• **Task description**
Could you print, exactly and without pictures, only the lines from the one with "this 2048×1536 image." through the end of the records below?

Text-to-region grounding data:
★ ★ ★ ★ ★ ★ ★
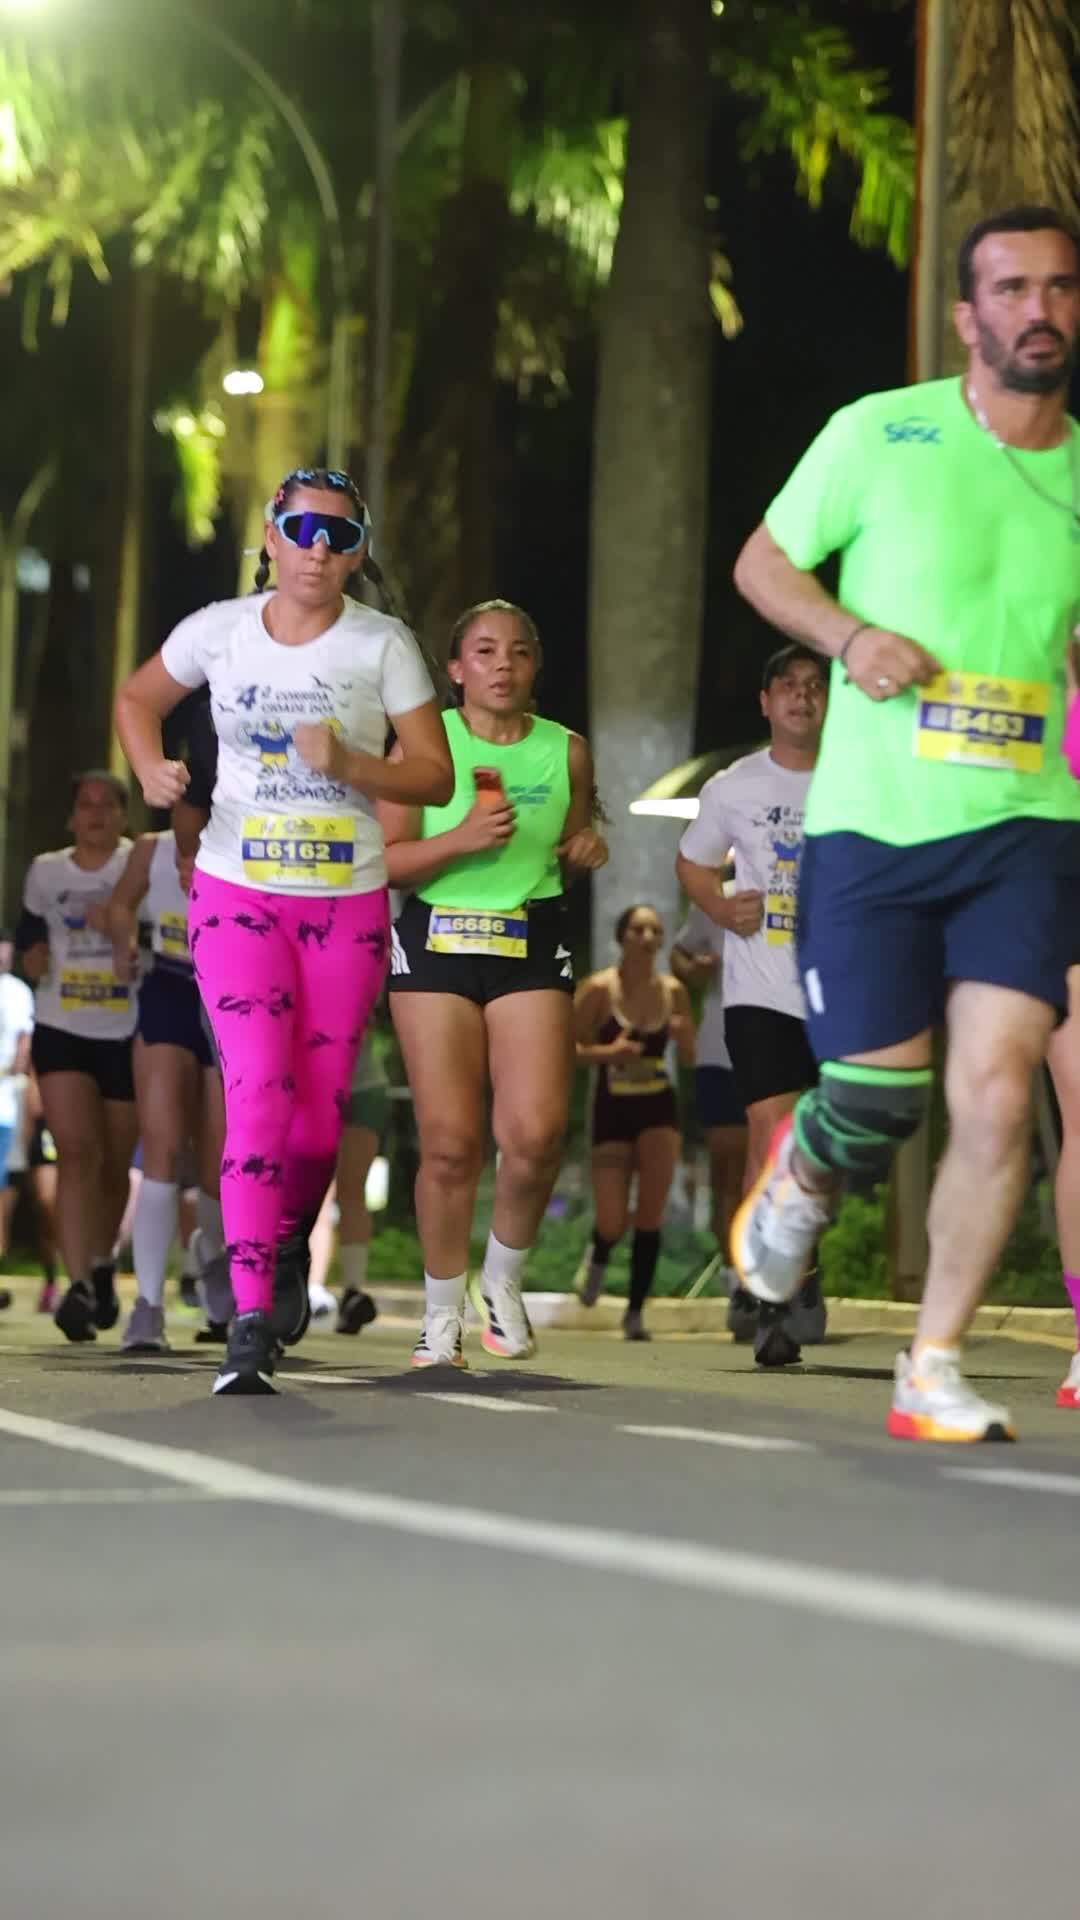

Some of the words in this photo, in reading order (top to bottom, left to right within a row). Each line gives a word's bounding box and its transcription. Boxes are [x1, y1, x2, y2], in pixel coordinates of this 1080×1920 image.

[950, 706, 1026, 739] 5453
[266, 841, 331, 861] 6162
[453, 917, 506, 934] 6686
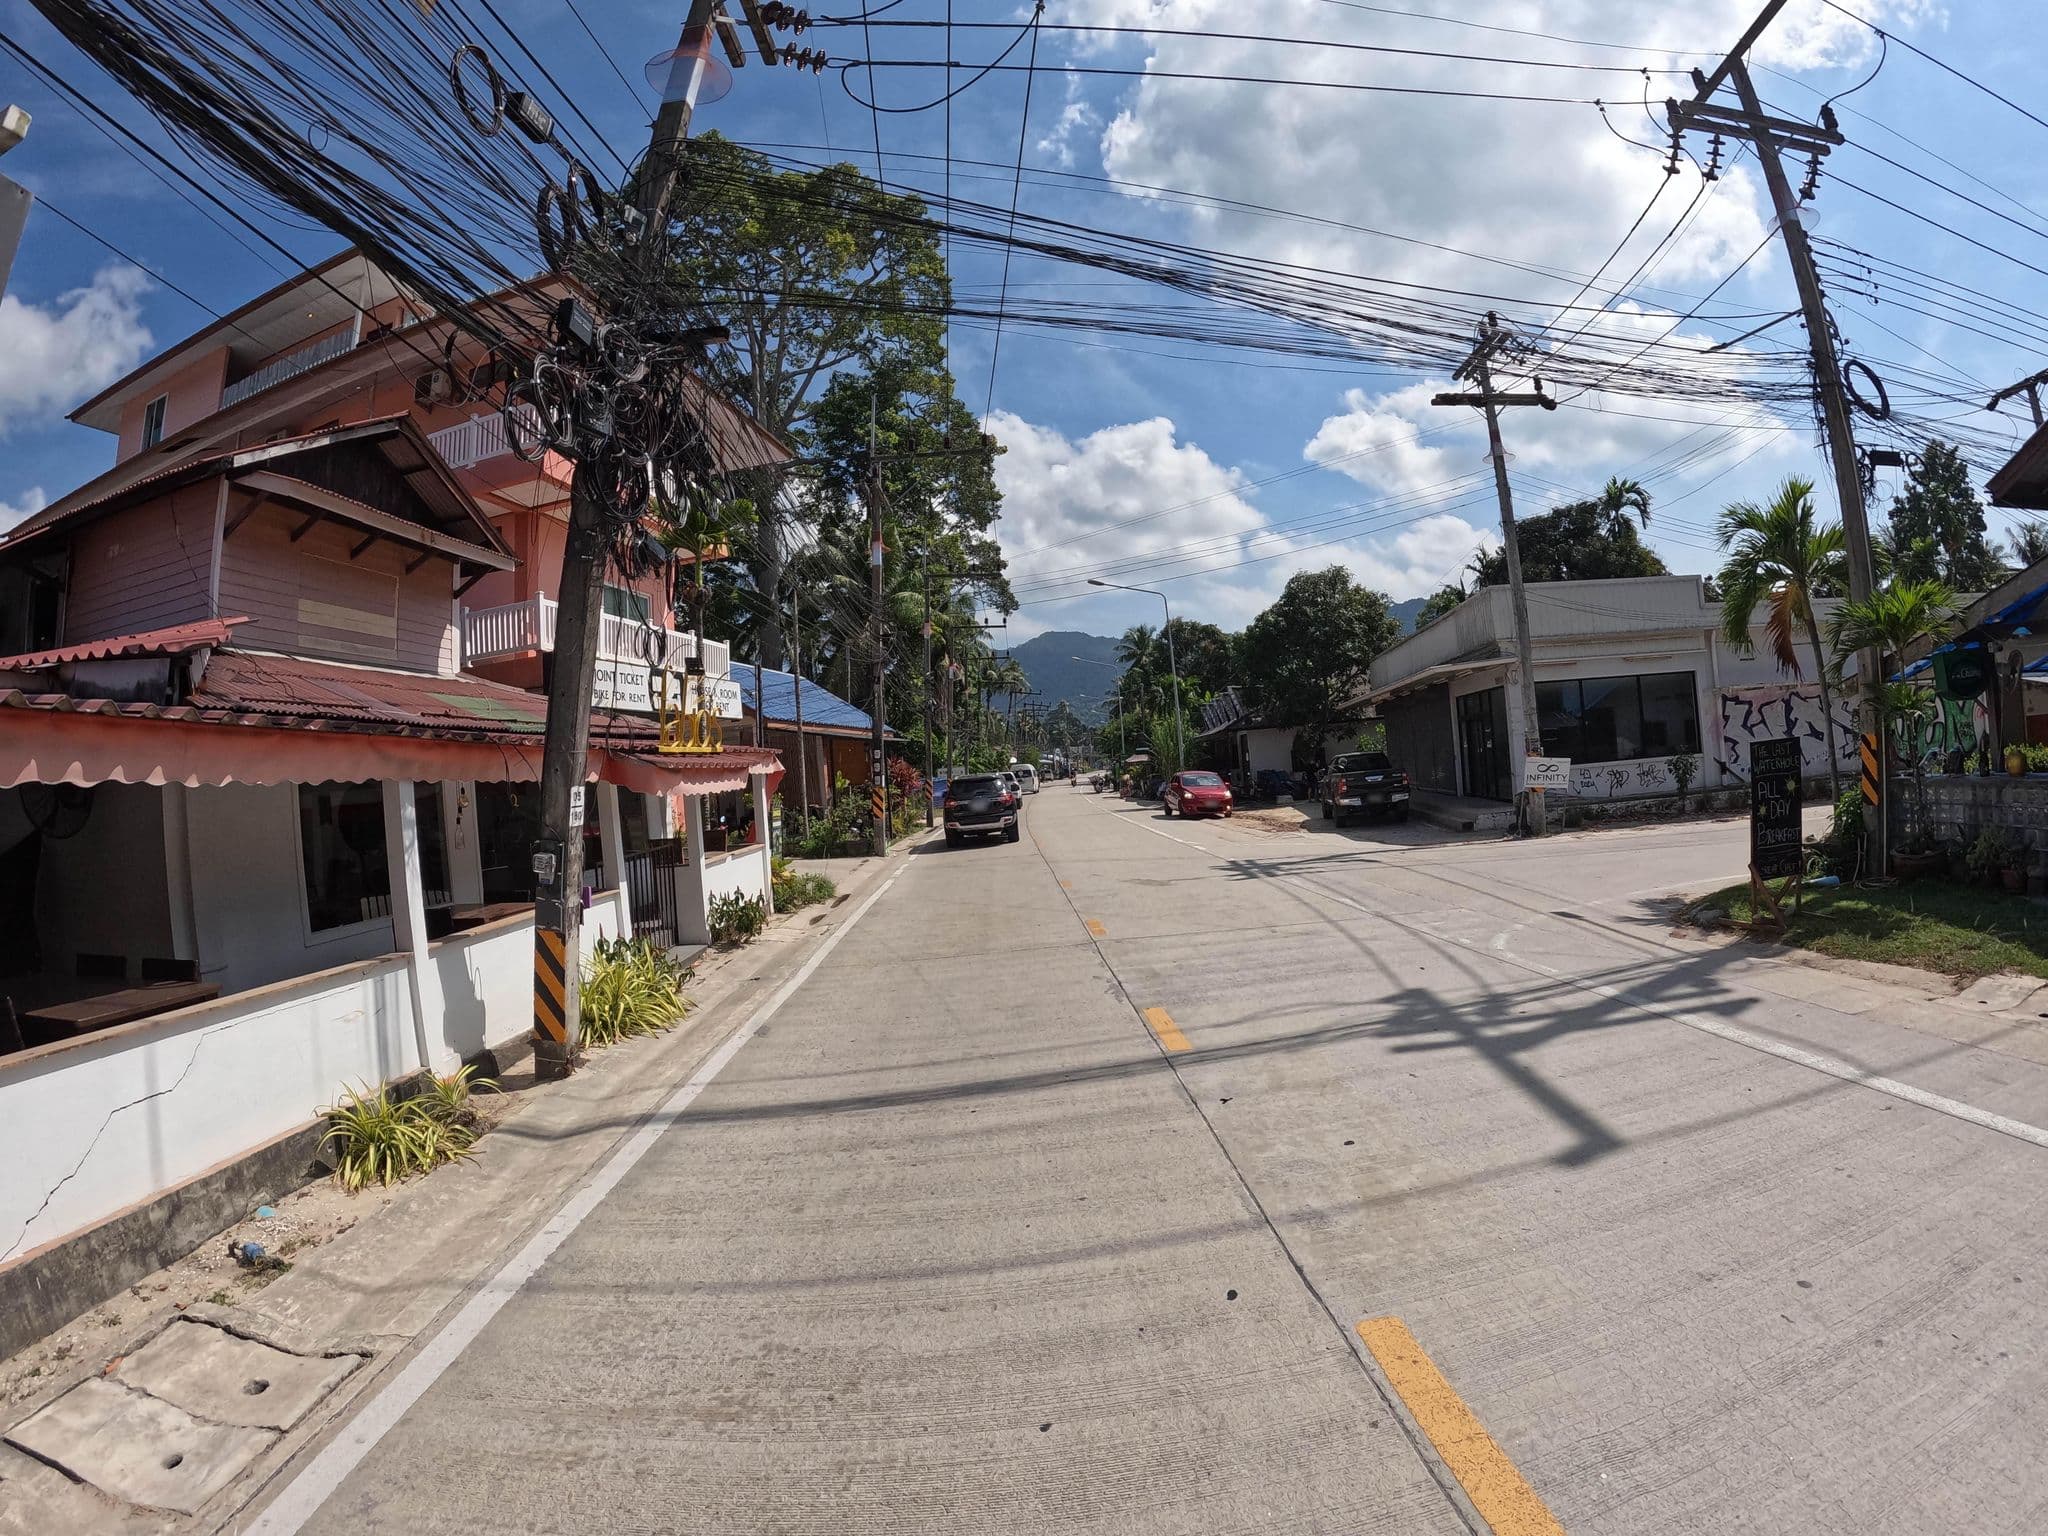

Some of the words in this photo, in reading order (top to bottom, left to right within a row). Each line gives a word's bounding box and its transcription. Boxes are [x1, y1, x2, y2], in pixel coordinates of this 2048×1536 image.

[619, 672, 644, 686] TICKET
[594, 688, 609, 700] BIKE
[629, 692, 646, 704] RENT
[720, 688, 738, 700] ROOM
[1752, 744, 1768, 758] THE
[1771, 741, 1793, 757] LAST
[1752, 755, 1800, 775] WATERHOLE
[1526, 773, 1568, 782] INFINITY
[1758, 781, 1781, 800] ALL
[1770, 799, 1792, 819] DAY
[1757, 822, 1801, 845] BREAKFAST
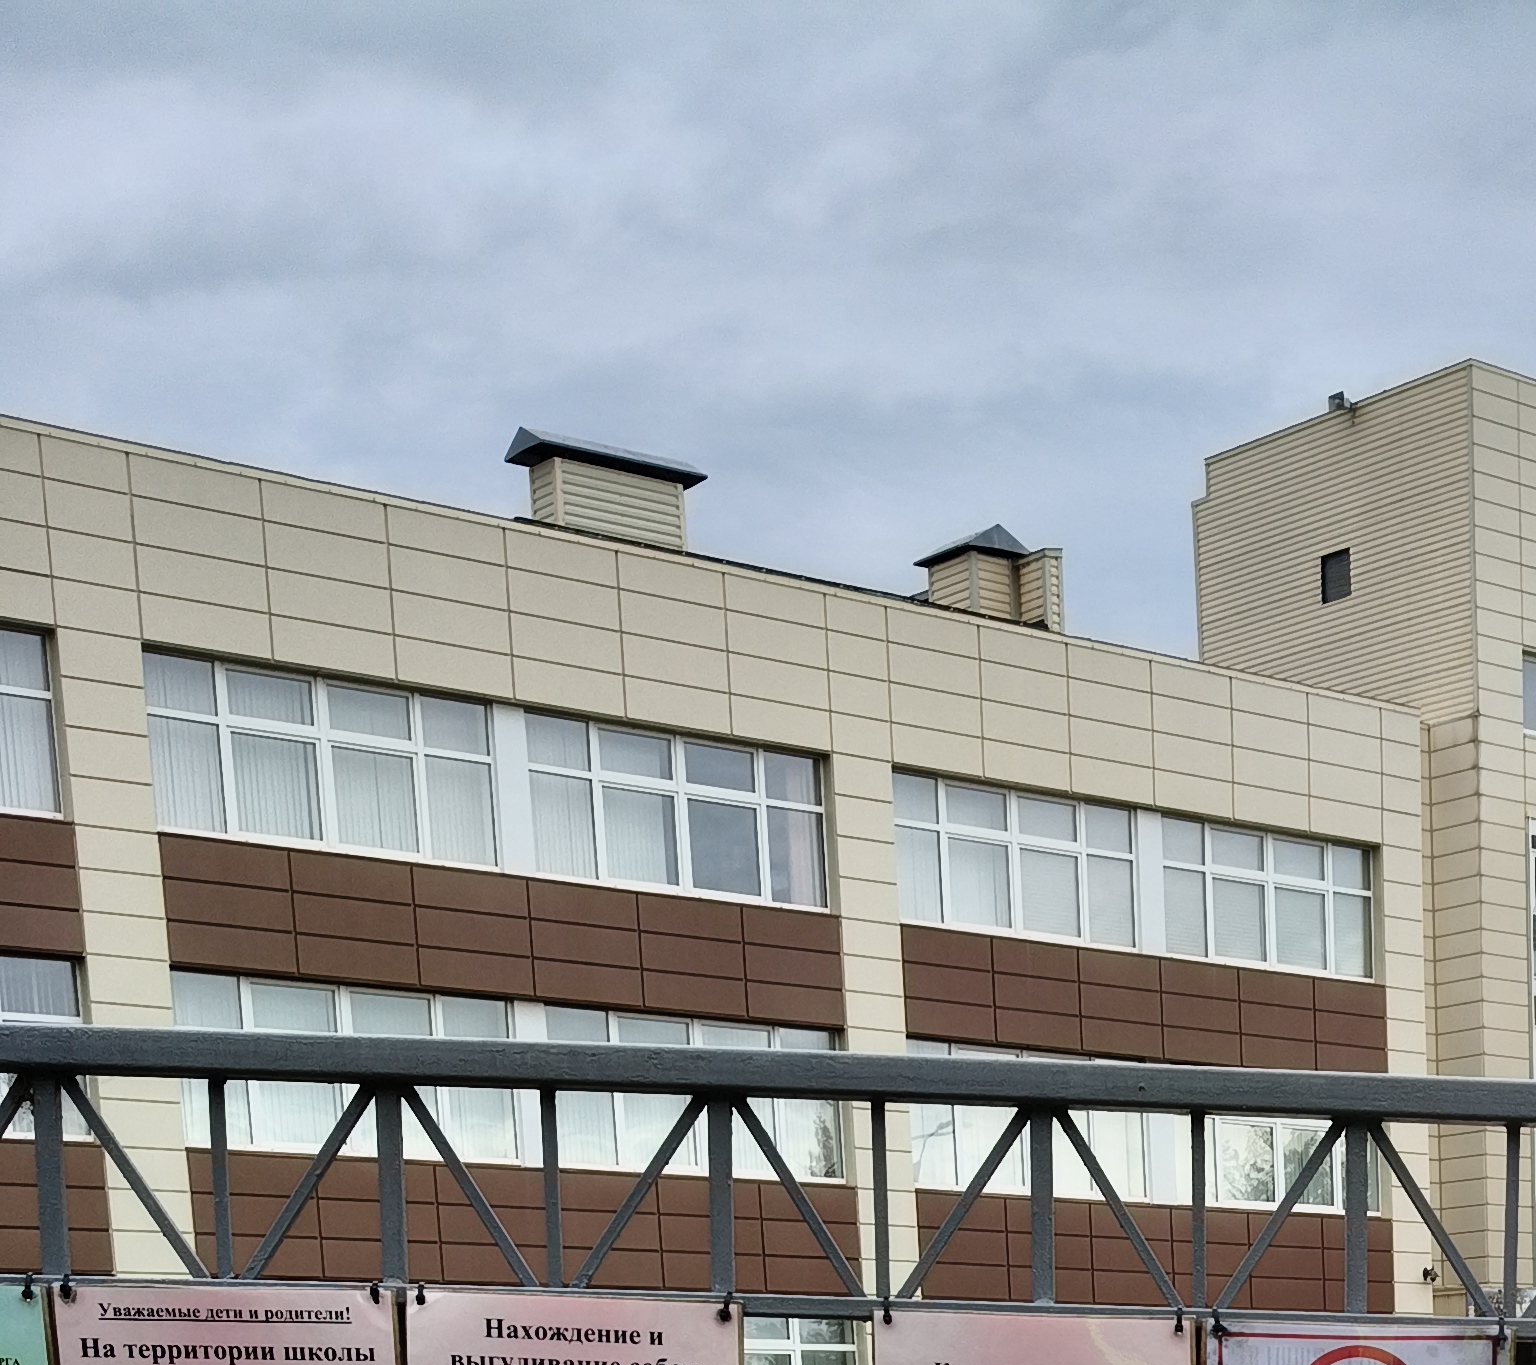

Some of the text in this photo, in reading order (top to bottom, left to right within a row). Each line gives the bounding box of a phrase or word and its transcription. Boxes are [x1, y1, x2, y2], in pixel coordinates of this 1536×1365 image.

[97, 1302, 351, 1321] Уважаемые дети и родители!
[483, 1317, 664, 1346] Нахождение и
[78, 1337, 376, 1365] На территории школы
★ ★ ★ ★ ★ ★ ★
• **Response below**
Some of the words in this photo, in reading order (top to bottom, left to right within a row). Each line gives a word's bounding box and its transcription. Boxes are [x1, y1, x2, y2], in pixel coordinates of this 2048×1536 image.

[619, 672, 644, 686] TICKET
[594, 688, 609, 700] BIKE
[629, 692, 646, 704] RENT
[720, 688, 738, 700] ROOM
[1752, 744, 1768, 758] THE
[1771, 741, 1793, 757] LAST
[1752, 755, 1800, 775] WATERHOLE
[1526, 773, 1568, 782] INFINITY
[1758, 781, 1781, 800] ALL
[1770, 799, 1792, 819] DAY
[1757, 822, 1801, 845] BREAKFAST

Some of the text in this photo, in reading order (top to bottom, left to right within a row). Each line gives the bounding box of a phrase or word and its transcription. Boxes are [x1, y1, x2, y2], in pixel coordinates of this 1536×1365 image.

[97, 1302, 351, 1321] Уважаемые дети и родители!
[483, 1317, 664, 1346] Нахождение и
[78, 1337, 376, 1365] На территории школы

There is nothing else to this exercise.